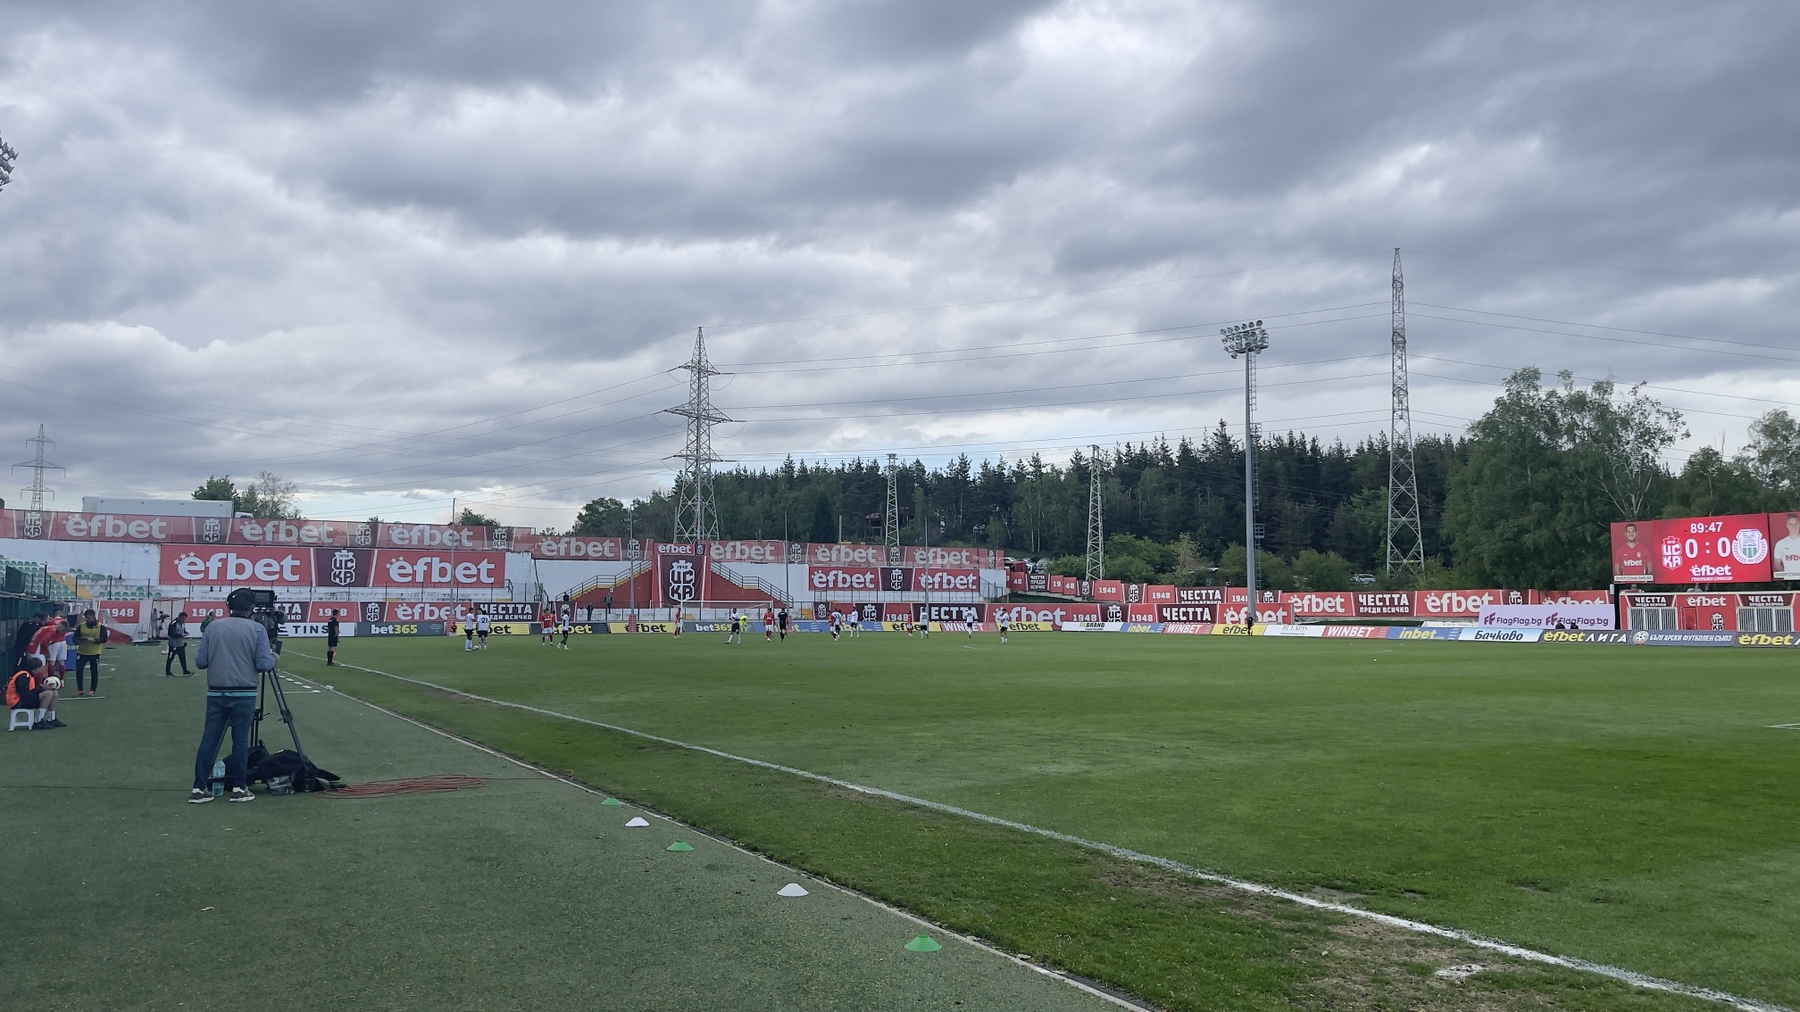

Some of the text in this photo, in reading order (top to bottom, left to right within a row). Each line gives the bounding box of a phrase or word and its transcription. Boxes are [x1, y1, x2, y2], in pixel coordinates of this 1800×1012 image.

[66, 514, 167, 540] efbet
[242, 520, 334, 543] efbet
[1690, 521, 1723, 534] 89:47
[391, 525, 474, 547] efbet
[541, 537, 615, 558] efbet
[658, 544, 692, 554] efbet
[710, 541, 775, 561] efbet
[816, 545, 877, 563] efbet
[1684, 538, 1698, 559] 0
[1717, 536, 1731, 558] 0
[915, 547, 971, 566] efbet
[177, 550, 301, 582] efbet
[389, 556, 496, 584] efbet
[1690, 565, 1732, 577] efbet
[812, 569, 875, 589] efbet
[920, 571, 977, 590] efbet
[1065, 582, 1075, 590] 48
[1098, 586, 1117, 594] 1948
[1180, 589, 1222, 600] ЧЕСТТА
[1358, 593, 1410, 606] ЧЕСТТА
[1748, 595, 1784, 603] ЧЕСТТА
[1293, 593, 1345, 613] efbet
[1426, 591, 1494, 613] efbet
[1687, 596, 1727, 607] efbet
[318, 608, 348, 617] 198
[396, 602, 467, 622] efbet
[480, 603, 533, 614] ЧЕСТТА
[921, 606, 979, 620] ЕСТТА
[1162, 607, 1212, 621] ЧЕСТТА
[886, 613, 908, 622] 1948
[1072, 613, 1097, 622] 1948
[1131, 614, 1153, 622] 1948
[1496, 617, 1542, 626] FlagFlag.bg
[371, 624, 418, 635] bet365
[1010, 622, 1040, 632] efbet
[1127, 624, 1150, 633] inbet
[1166, 624, 1203, 634] WINBET
[1327, 626, 1374, 637] WINBET
[1399, 627, 1436, 640] inbet
[1474, 629, 1524, 641] Бачково
[1543, 630, 1627, 643] efbet ЛИГА
[1738, 633, 1794, 646] efbet

--------------------

* PROMPT
Give the listing above again in its entirety, exactly as written and free of images.

* THE ANSWER
Some of the text in this photo, in reading order (top to bottom, left to right within a row). Each line gives the bounding box of a phrase or word and its transcription. Boxes are [x1, y1, x2, y2], in pixel coordinates of this 1800×1012 image.

[66, 514, 167, 540] efbet
[242, 520, 334, 543] efbet
[1690, 521, 1723, 534] 89:47
[391, 525, 474, 547] efbet
[541, 537, 615, 558] efbet
[658, 544, 692, 554] efbet
[710, 541, 775, 561] efbet
[816, 545, 877, 563] efbet
[1684, 538, 1698, 559] 0
[1717, 536, 1731, 558] 0
[915, 547, 971, 566] efbet
[177, 550, 301, 582] efbet
[389, 556, 496, 584] efbet
[1690, 565, 1732, 577] efbet
[812, 569, 875, 589] efbet
[920, 571, 977, 590] efbet
[1065, 582, 1075, 590] 48
[1098, 586, 1117, 594] 1948
[1180, 589, 1222, 600] ЧЕСТТА
[1358, 593, 1410, 606] ЧЕСТТА
[1748, 595, 1784, 603] ЧЕСТТА
[1293, 593, 1345, 613] efbet
[1426, 591, 1494, 613] efbet
[1687, 596, 1727, 607] efbet
[318, 608, 348, 617] 198
[396, 602, 467, 622] efbet
[480, 603, 533, 614] ЧЕСТТА
[921, 606, 979, 620] ЕСТТА
[1162, 607, 1212, 621] ЧЕСТТА
[886, 613, 908, 622] 1948
[1072, 613, 1097, 622] 1948
[1131, 614, 1153, 622] 1948
[1496, 617, 1542, 626] FlagFlag.bg
[371, 624, 418, 635] bet365
[1010, 622, 1040, 632] efbet
[1127, 624, 1150, 633] inbet
[1166, 624, 1203, 634] WINBET
[1327, 626, 1374, 637] WINBET
[1399, 627, 1436, 640] inbet
[1474, 629, 1524, 641] Бачково
[1543, 630, 1627, 643] efbet ЛИГА
[1738, 633, 1794, 646] efbet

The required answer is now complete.